> **MATERIALS PROVIDED**

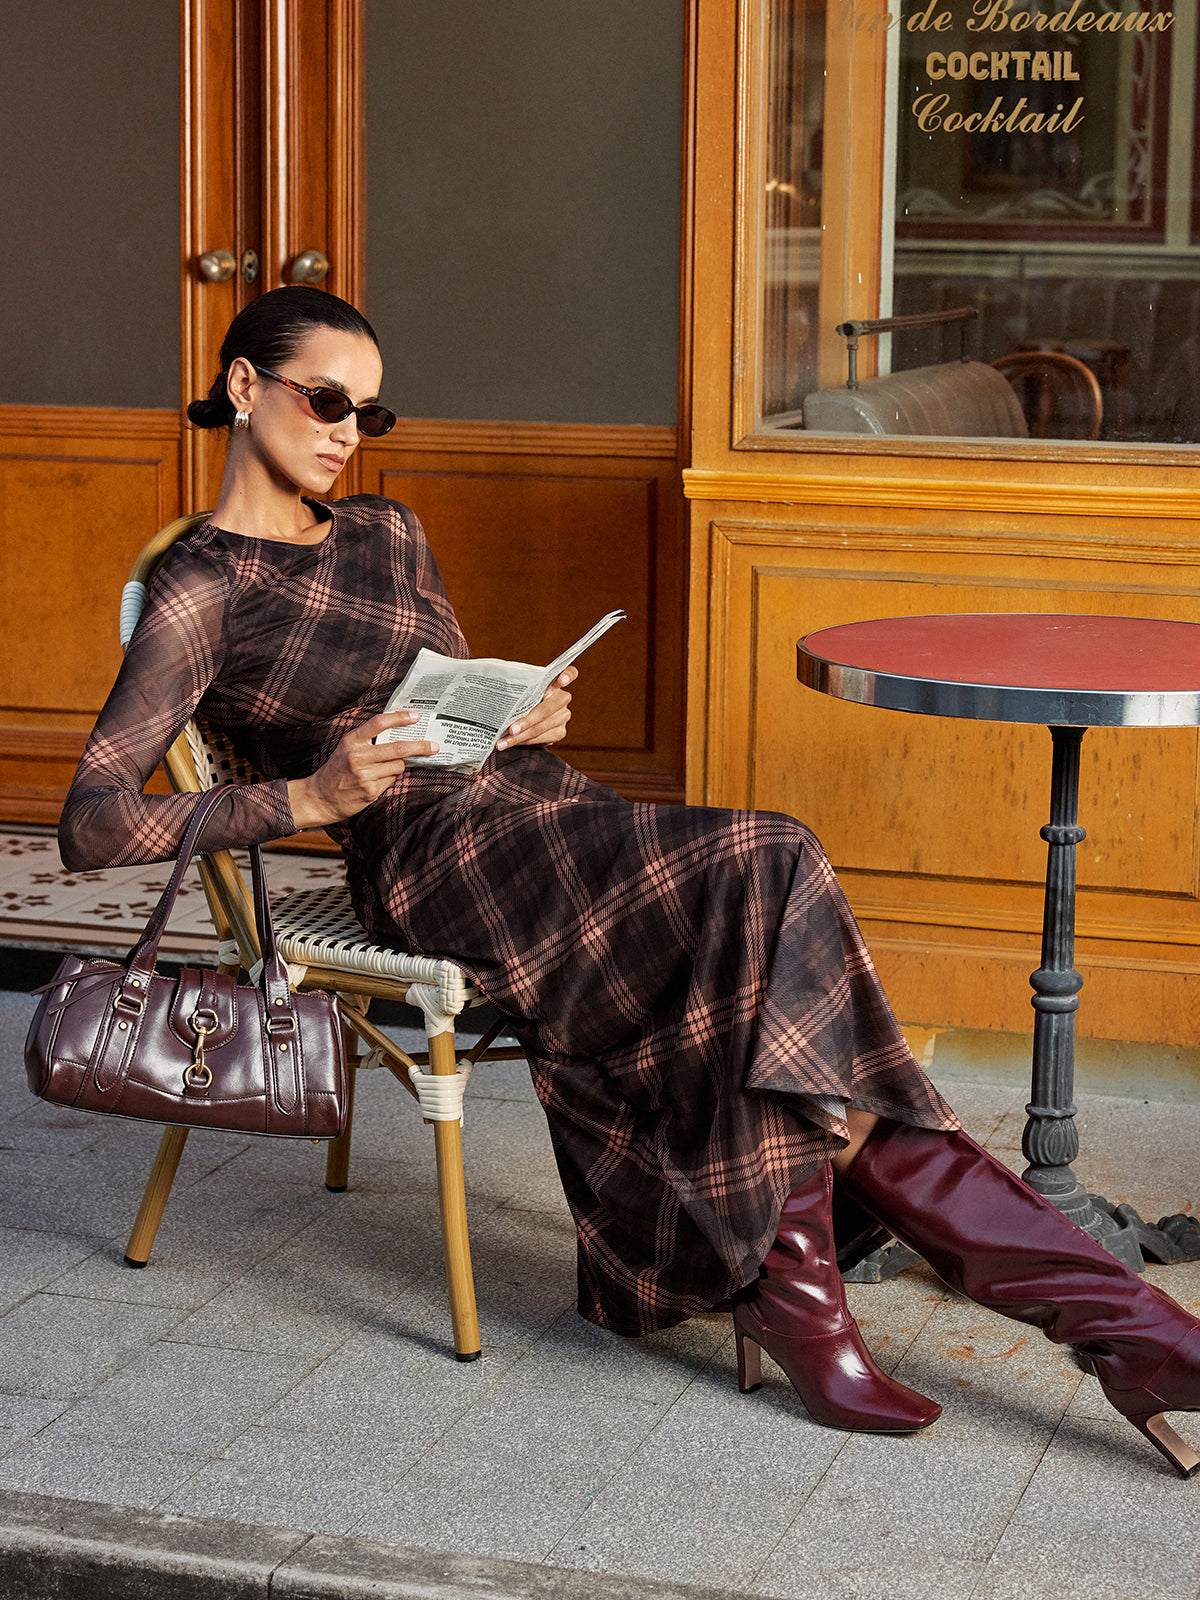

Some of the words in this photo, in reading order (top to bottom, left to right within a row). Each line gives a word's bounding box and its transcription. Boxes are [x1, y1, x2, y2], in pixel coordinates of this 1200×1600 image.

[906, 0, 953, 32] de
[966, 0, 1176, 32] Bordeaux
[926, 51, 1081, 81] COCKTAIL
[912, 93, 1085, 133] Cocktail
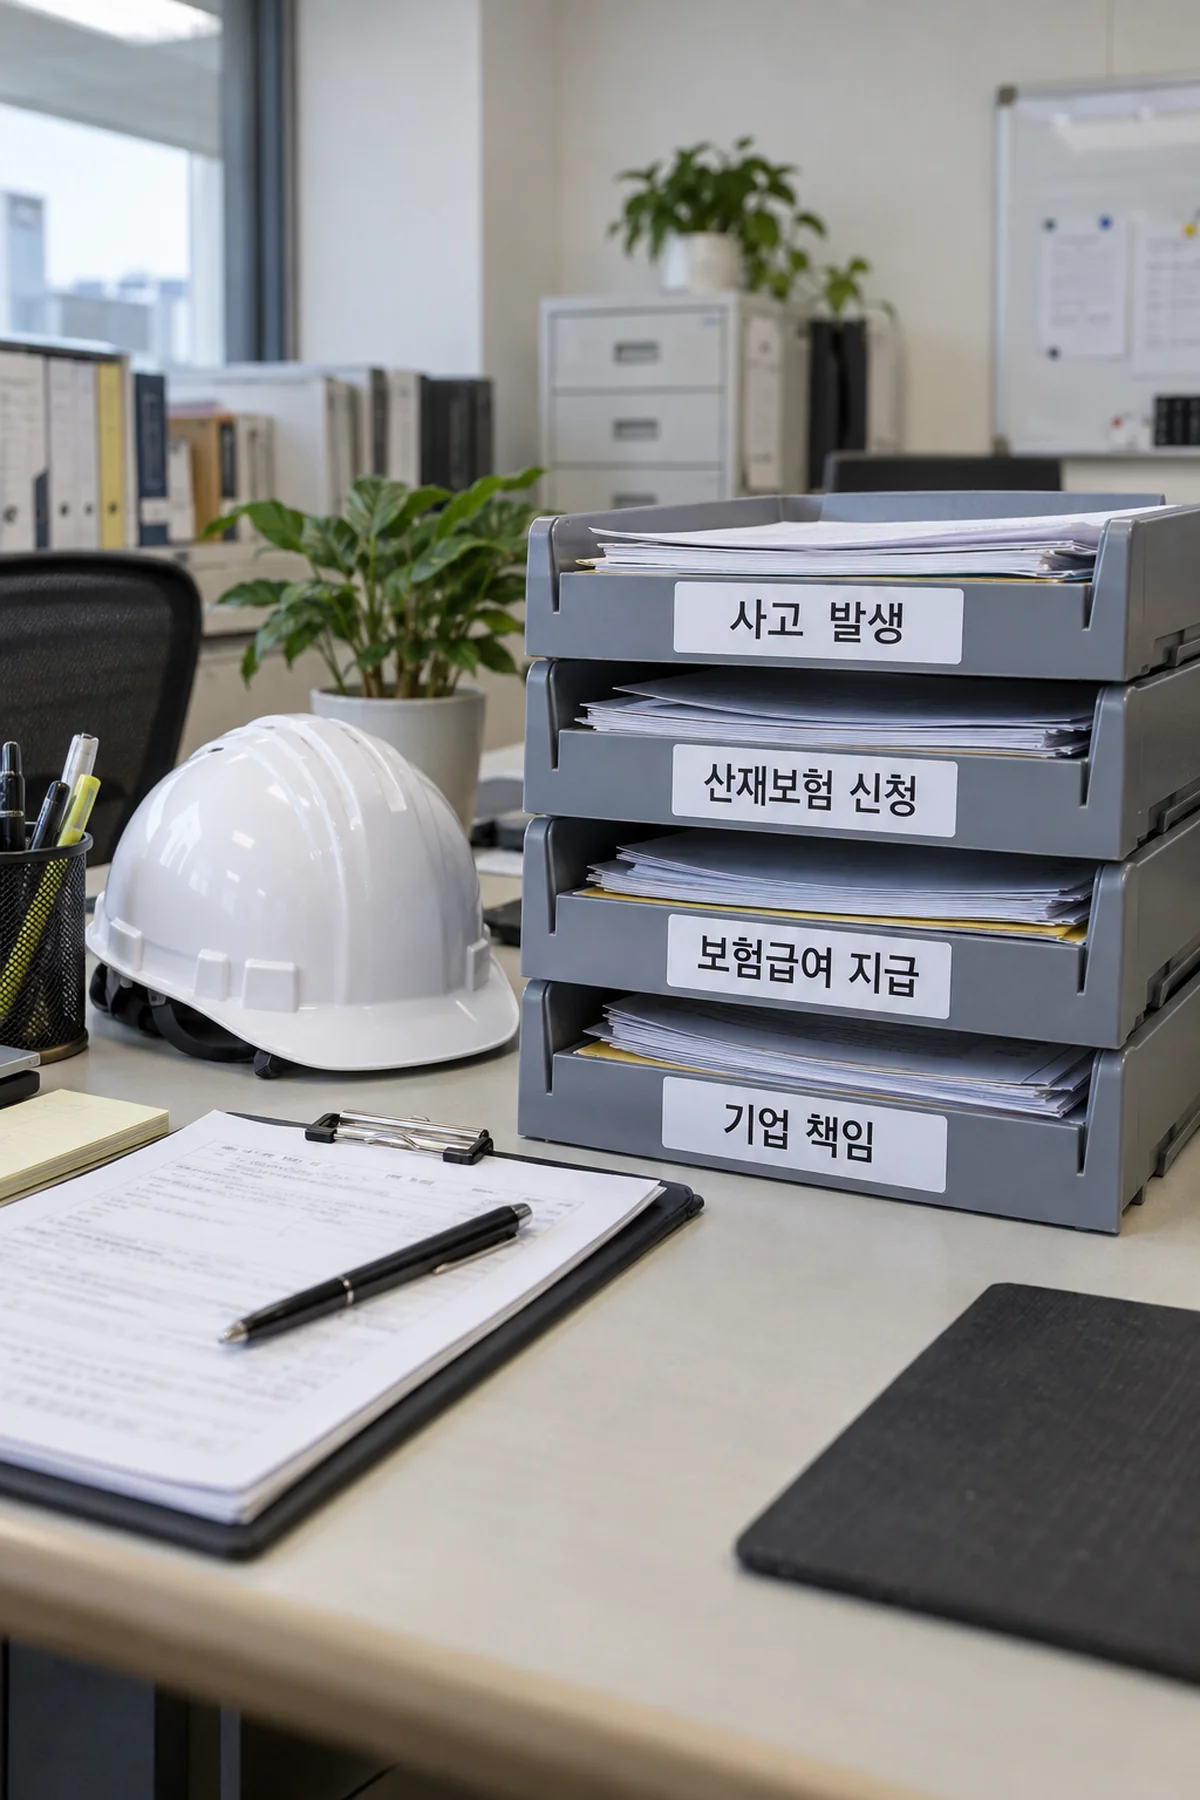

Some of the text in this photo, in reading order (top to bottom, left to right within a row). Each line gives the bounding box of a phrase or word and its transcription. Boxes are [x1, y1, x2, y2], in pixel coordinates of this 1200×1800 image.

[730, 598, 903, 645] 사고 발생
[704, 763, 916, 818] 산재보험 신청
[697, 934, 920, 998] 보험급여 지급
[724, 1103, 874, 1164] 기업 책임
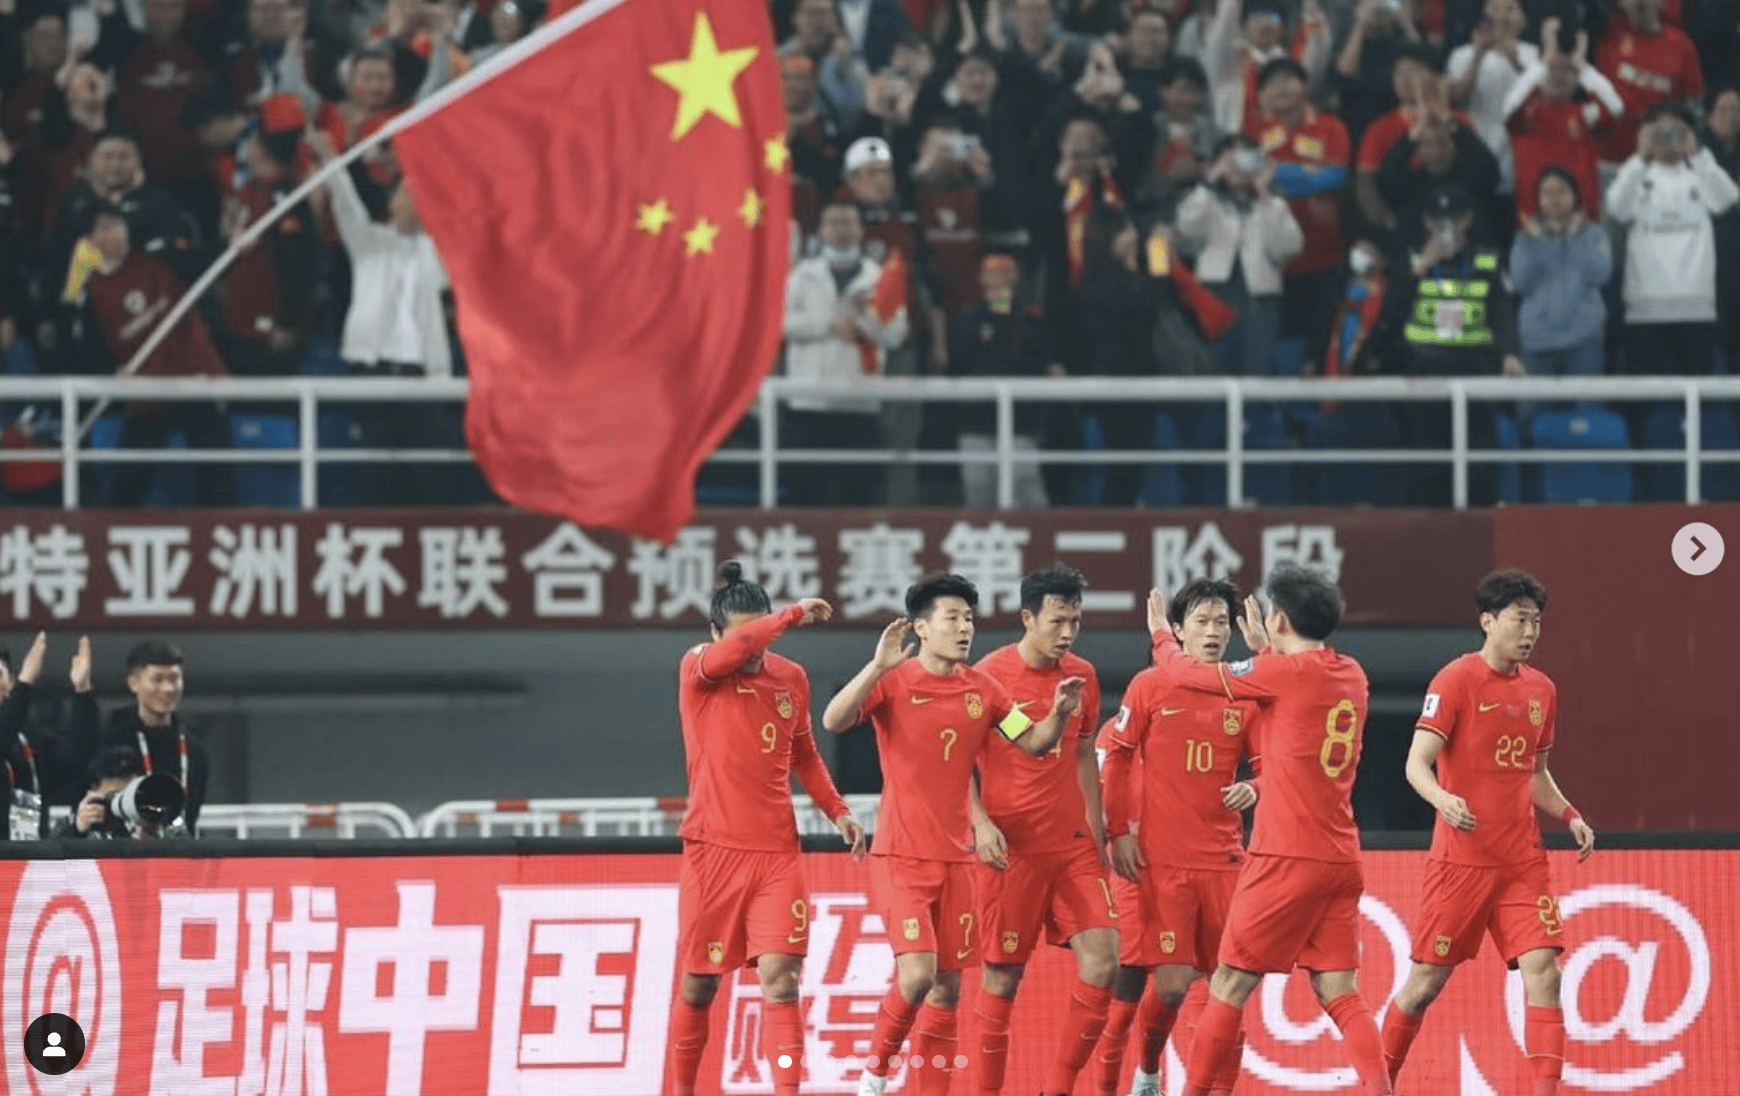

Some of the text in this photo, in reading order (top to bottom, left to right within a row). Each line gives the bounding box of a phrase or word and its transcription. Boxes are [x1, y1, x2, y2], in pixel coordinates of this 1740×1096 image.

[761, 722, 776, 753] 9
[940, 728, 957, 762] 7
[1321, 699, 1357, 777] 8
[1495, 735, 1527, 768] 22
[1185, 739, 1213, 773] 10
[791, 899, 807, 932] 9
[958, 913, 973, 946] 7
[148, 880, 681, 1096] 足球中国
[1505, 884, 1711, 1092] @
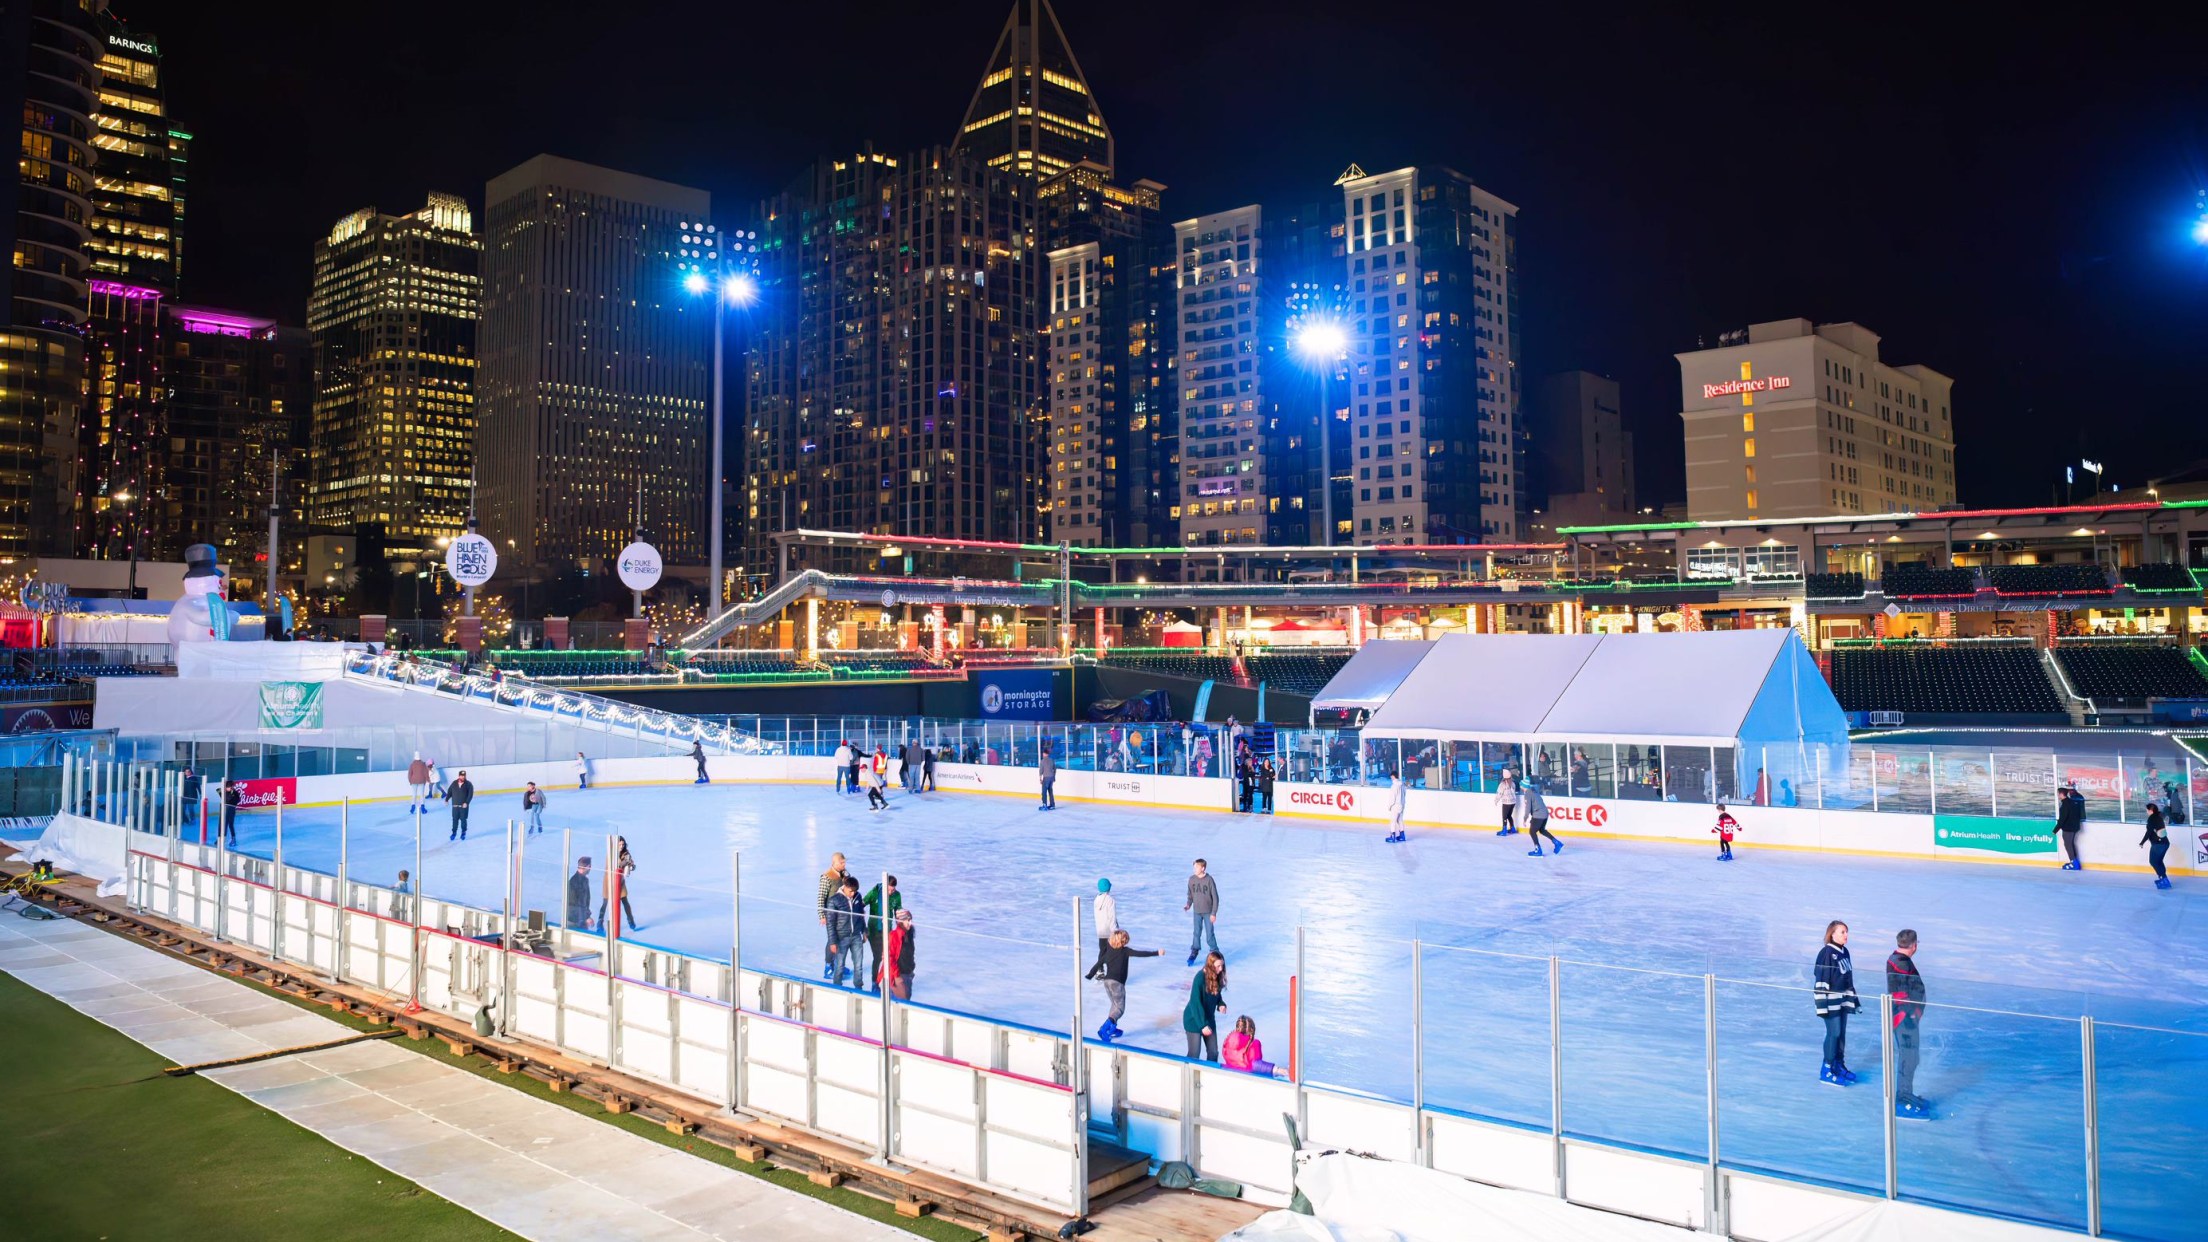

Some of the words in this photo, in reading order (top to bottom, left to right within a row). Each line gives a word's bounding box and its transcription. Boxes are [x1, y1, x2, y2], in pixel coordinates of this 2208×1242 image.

> **WORK INSTRUCTIONS**
Every word of the material above should be copied exactly; no pictures.

> **RESULT OF THIS TASK**
Some of the words in this photo, in reading order (top to bottom, left to right within a row). Each line gives a word's bounding box and its transcription. Boxes are [x1, y1, x2, y2], in pixel coordinates of this 1200×1600 image.

[906, 0, 953, 32] de
[966, 0, 1176, 32] Bordeaux
[926, 51, 1081, 81] COCKTAIL
[912, 93, 1085, 133] Cocktail

Some of the text in this photo, in reading order (top to bottom, left to right within a row). Each line gives the bounding box of a phrase or word and its transcription. Boxes are [x1, y1, x2, y2], in pixel coordinates of this 1200×1800 image.

[730, 598, 903, 645] 사고 발생
[704, 763, 916, 818] 산재보험 신청
[697, 934, 920, 998] 보험급여 지급
[724, 1103, 874, 1164] 기업 책임

Some of the text in this photo, in reading order (top to bottom, left to right within a row). Each line gives the bounding box of a phrase or word and its transcription. Boxes are [x1, y1, x2, y2], in pixel coordinates of this 1740×1096 image.

[761, 722, 776, 753] 9
[940, 728, 957, 762] 7
[1321, 699, 1357, 777] 8
[1495, 735, 1527, 768] 22
[1185, 739, 1213, 773] 10
[791, 899, 807, 932] 9
[958, 913, 973, 946] 7
[148, 880, 681, 1096] 足球中国
[1505, 884, 1711, 1092] @

Some of the words in this photo, in reading order (top to bottom, left to right within a row). Each line gives a word's bounding box and its transcription. Boxes are [x1, y1, x2, y2], in pixel coordinates of this 2208×1242 image.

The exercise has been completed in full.